DE1269339B - Flame-retardant molding compositions containing styrene polymers - Google Patents

Description

Flame-retardant molding compounds containing styrene polymers It is known halogen-containing substances as flame retardants for thermoplastic polymers to use. In order to achieve an adequate flame retardant effect, it is necessary to to add relatively large amounts of halogen-containing substances to the polymers. However, many properties are adversely affected by this.

It is also known that halogen-containing compounds have flame retardant properties to be strengthened by additives, so that one has a sufficient flame retardant effect with can achieve significantly lower amounts of these substances. This is how it is, for example possible, by adding organic peroxides, the flame-retardant effect of organic To improve bromine compounds. Organic peroxides, however, have the disadvantage that they are toxic and sometimes decompose easily in an explosive manner. With sensitive People who handle such peroxides can develop dermatoses. Also have to Elaborate and cumbersome precautions to avoid when handling peroxides be hit by explosions. It is also known that peroxides can also be used at room temperature slowly disintegrate, so that long-term plastics containing peroxides do not are more flame retardant. It also occurs with plastics containing peroxides a gradual deterioration of the mechanical properties due to degradation of the polymer chains Properties a.

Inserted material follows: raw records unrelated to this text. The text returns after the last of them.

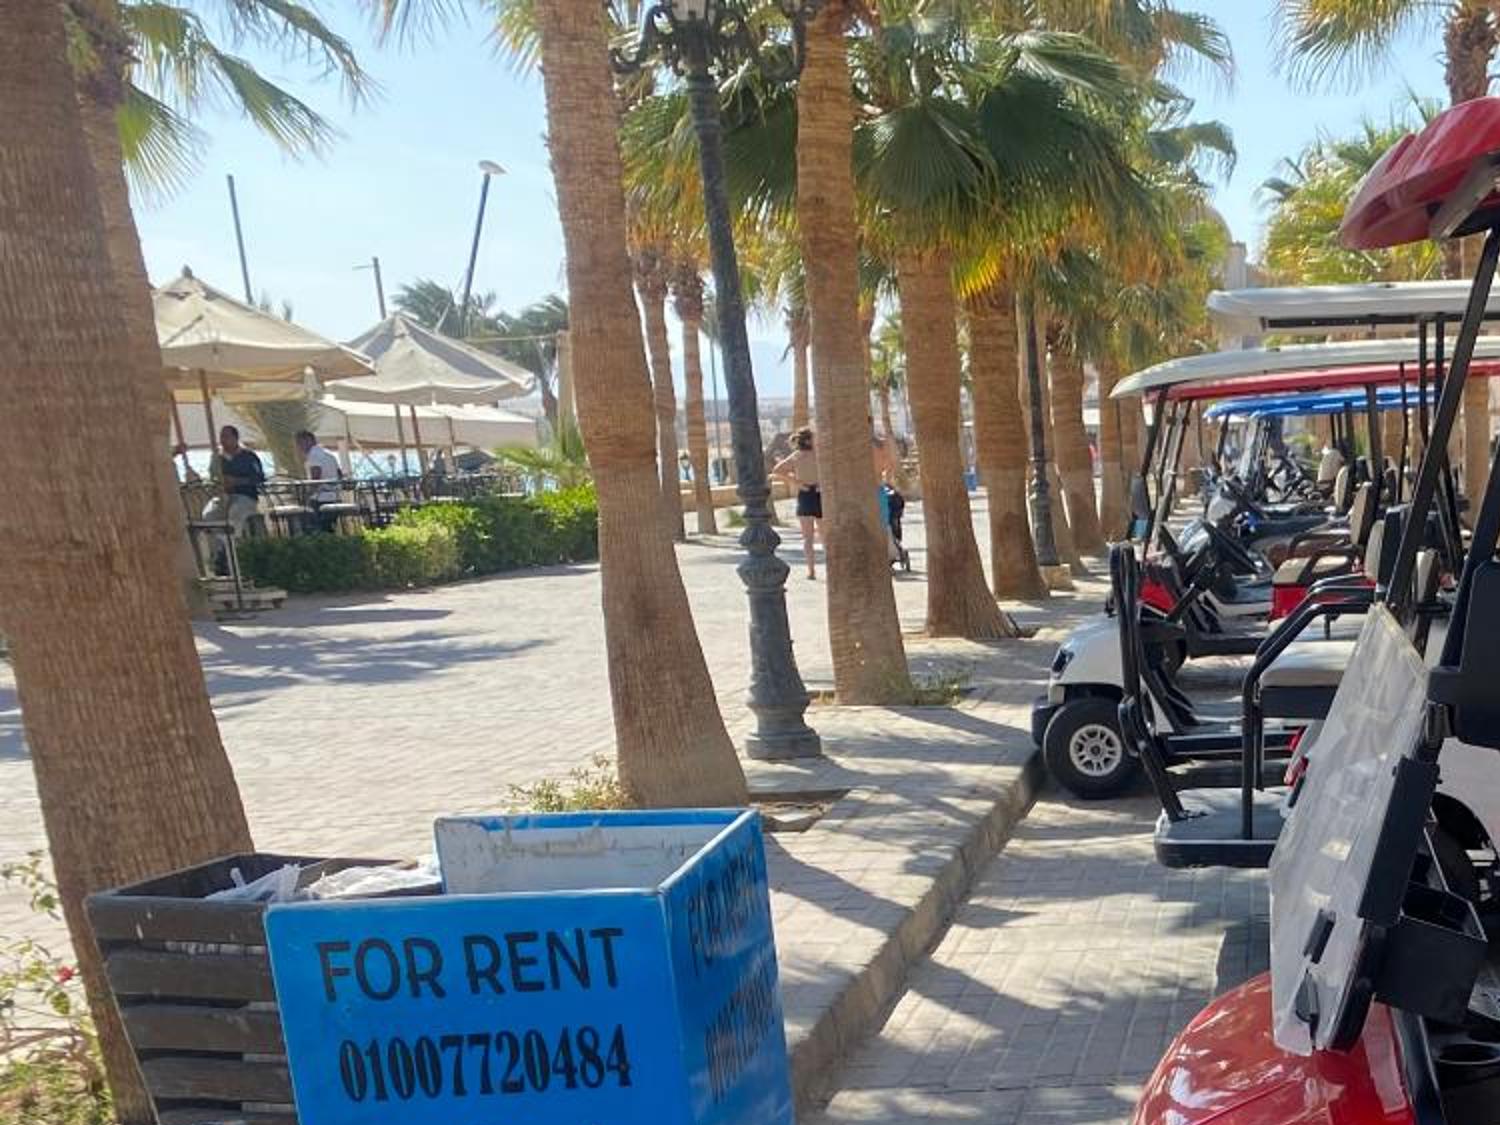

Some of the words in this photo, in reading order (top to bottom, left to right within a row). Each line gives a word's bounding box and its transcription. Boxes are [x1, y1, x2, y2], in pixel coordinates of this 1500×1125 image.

[316, 937, 447, 1001] FOR
[463, 928, 624, 994] RENT
[339, 1023, 632, 1103] 01007720484
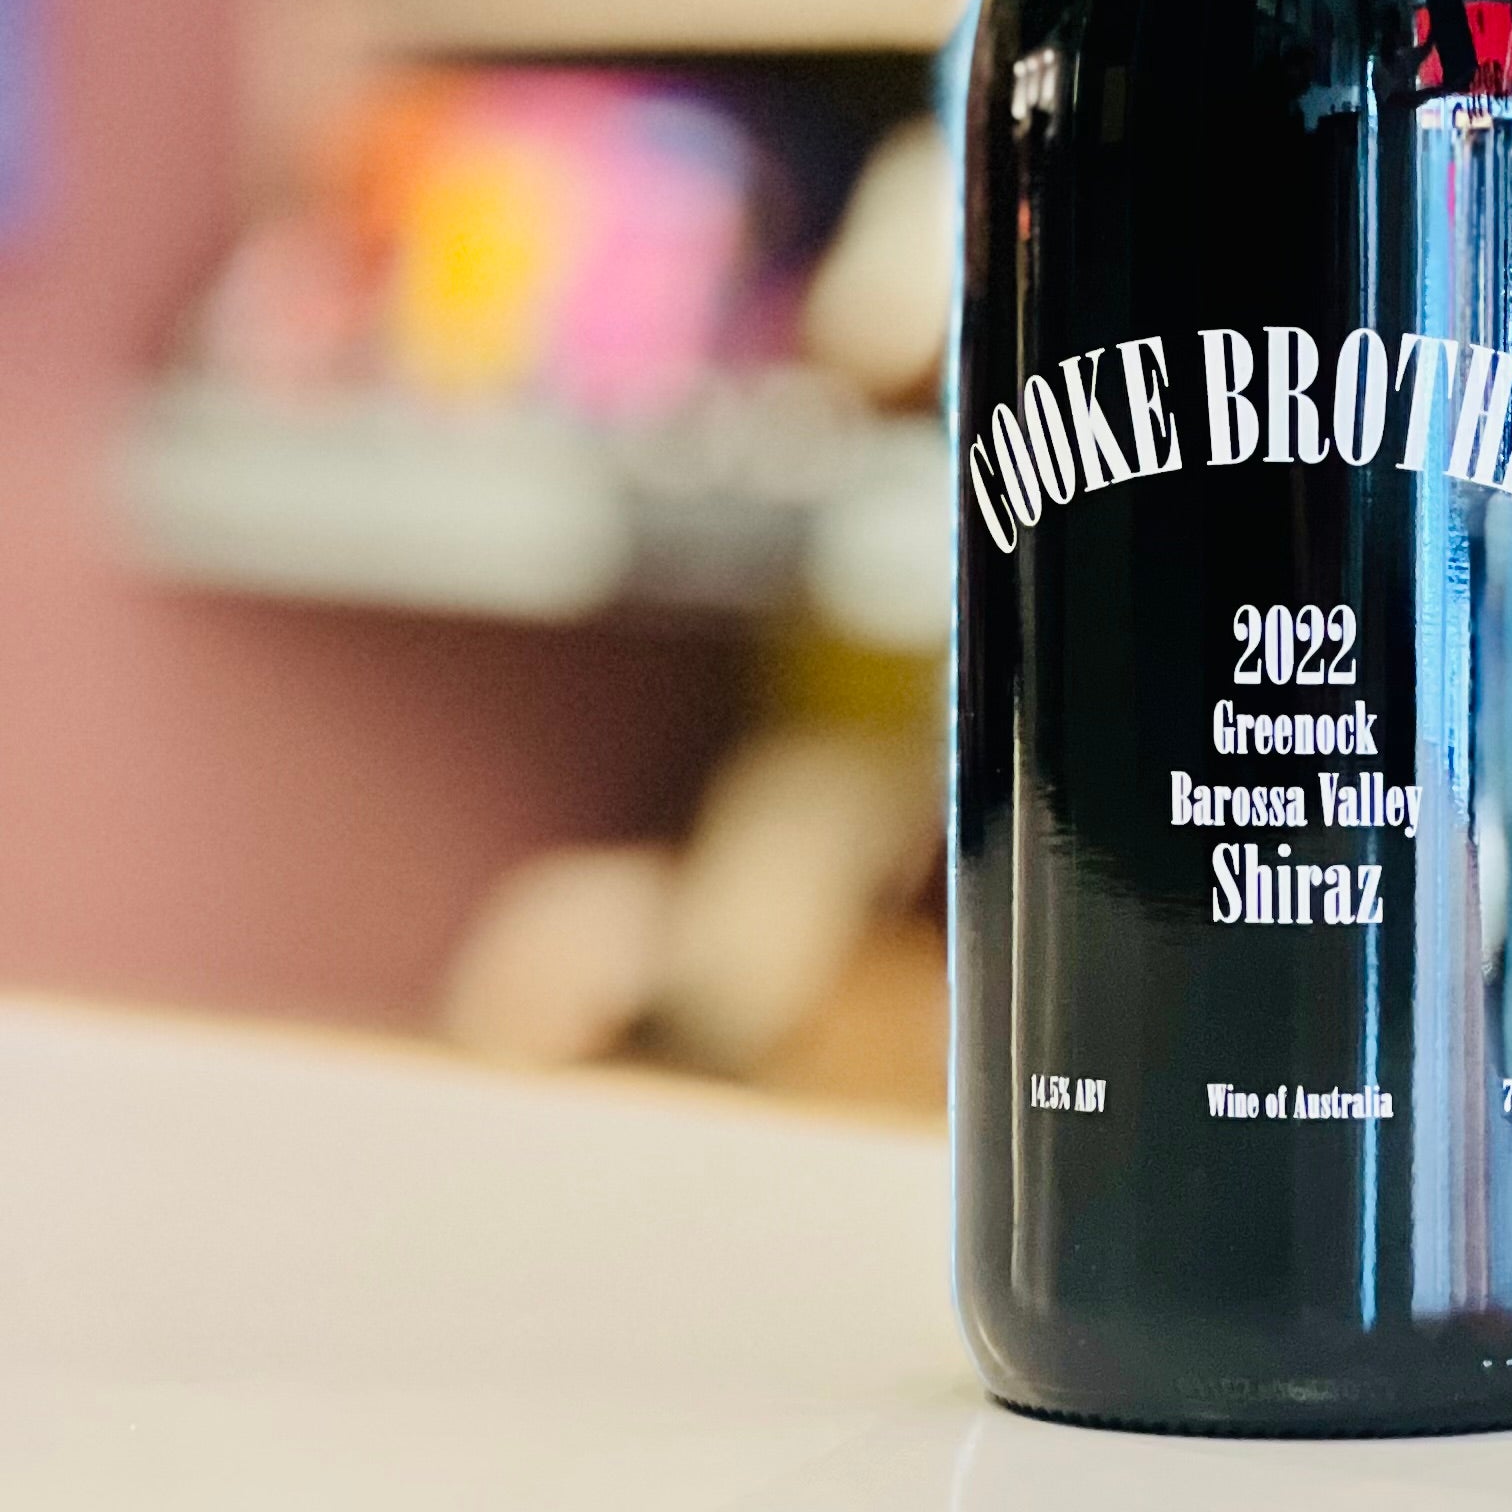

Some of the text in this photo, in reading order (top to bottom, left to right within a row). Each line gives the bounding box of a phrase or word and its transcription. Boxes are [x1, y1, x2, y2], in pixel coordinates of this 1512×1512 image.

[969, 336, 1182, 554] COOKE
[1233, 604, 1357, 686] 2022
[1212, 698, 1379, 755] Greenock
[1170, 770, 1423, 838] Barossa Valley
[1211, 842, 1384, 925] Shiraz
[1030, 1074, 1107, 1113] 14.5% ABV
[1207, 1083, 1394, 1119] Wine of Australia

It is also known from Journal of Applied Polymer Science, 8, pp. 2497 to 2524, 1964, in particular p. 2508, that the flame-retardant effect of tetrabromoethane in polymers can also be increased by adding a number of other radical formers. In the case of the in this context in which R1 is hydrogen or acyl, R2 is hydrogen, aryl or alkyl, Rg is hydrogen, aryl or alkyl and R4 is aryl.

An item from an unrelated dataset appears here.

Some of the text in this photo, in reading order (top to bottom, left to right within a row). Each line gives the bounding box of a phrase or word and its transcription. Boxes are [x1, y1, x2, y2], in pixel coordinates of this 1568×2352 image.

Suitable compounds according to the formula according to the claims are, for example Benzpinacone, acetophenone pinacone, hydrobenzoindibenzoate, triphenylethylene glycol. The connections can also be conducted investigations, however, connections have been shown such as benzpinacone, acetophenone pinacone and hydrobenzoin as ineffective.

It has now been found that compounds of the formula according to the claims in combination with organic bromine compounds with at least 4 carbon atoms in styrene polymers lead to a great improvement in flame resistance.

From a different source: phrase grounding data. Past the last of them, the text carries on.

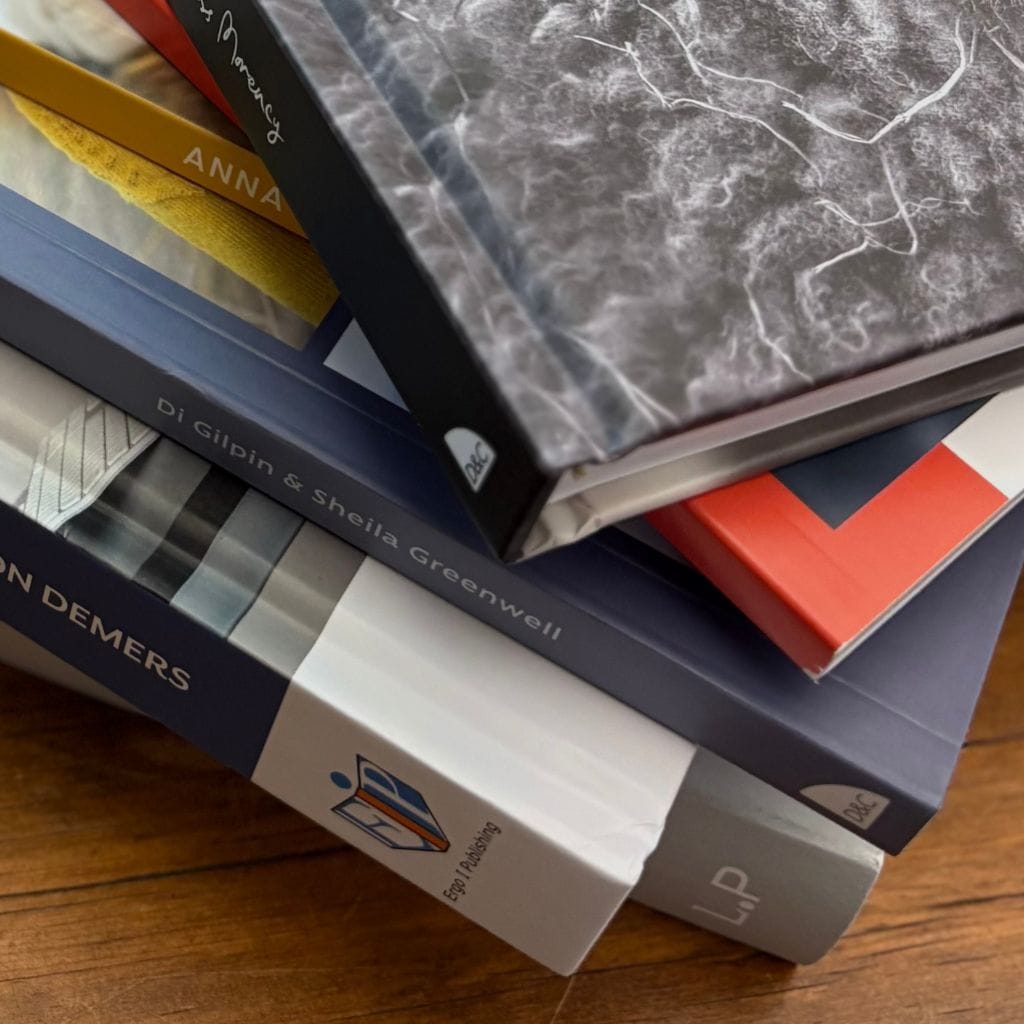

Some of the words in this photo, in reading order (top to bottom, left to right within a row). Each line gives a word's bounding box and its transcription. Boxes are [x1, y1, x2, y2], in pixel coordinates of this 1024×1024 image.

[216, 9, 285, 144] Morency
[183, 146, 282, 212] ANNA
[156, 395, 185, 425] Di
[193, 419, 274, 476] Gilpin
[282, 473, 303, 492] &
[311, 488, 399, 549] Sheila
[409, 545, 564, 642] Greenwell
[42, 584, 192, 692] DEMERS
[843, 793, 877, 823] D&C
[443, 877, 466, 902] Ergo
[465, 820, 502, 873] Publishing

The invention relates to thermoplastic molding compositions which have a Styrene polymer and an organic bromine compound with at least 4 carbon atoms and contain more than 40 percent by weight of bromine, characterized in that they also contain 0.01 to 3 percent by weight, based on the molding composition, of a compound of the formula can be used mixed together. Preferably 0.05 to 0.5 percent by weight, based on the molding compound. Such compounds are advantageously used, which neither with the monomers that make up the plastic nor with the plastic react yourself. The compounds according to the general formula are then combined with the other additives mixed with the styrene polymers before.

Flame-retardant molding compositions with particularly advantageous ones are obtained Properties.

Suitable styrene polymers are polystyrene and copolymers des styrene, which contain at least 50 percent by weight of styrene as polymerized units.

As copolymerization components come, for. B. in question: a-methylstyrene, Acrylonitrile, methacrylonitrile, esters of acrylic and / or methacrylic acid of alcohols with 1 to 8 carbon atoms, fumaric acid esters of alcohols with 1 to 8 carbon atoms, N-vinyl compounds such as N-vinylcarbazole, butadiene or even small amounts of divinylbenzene.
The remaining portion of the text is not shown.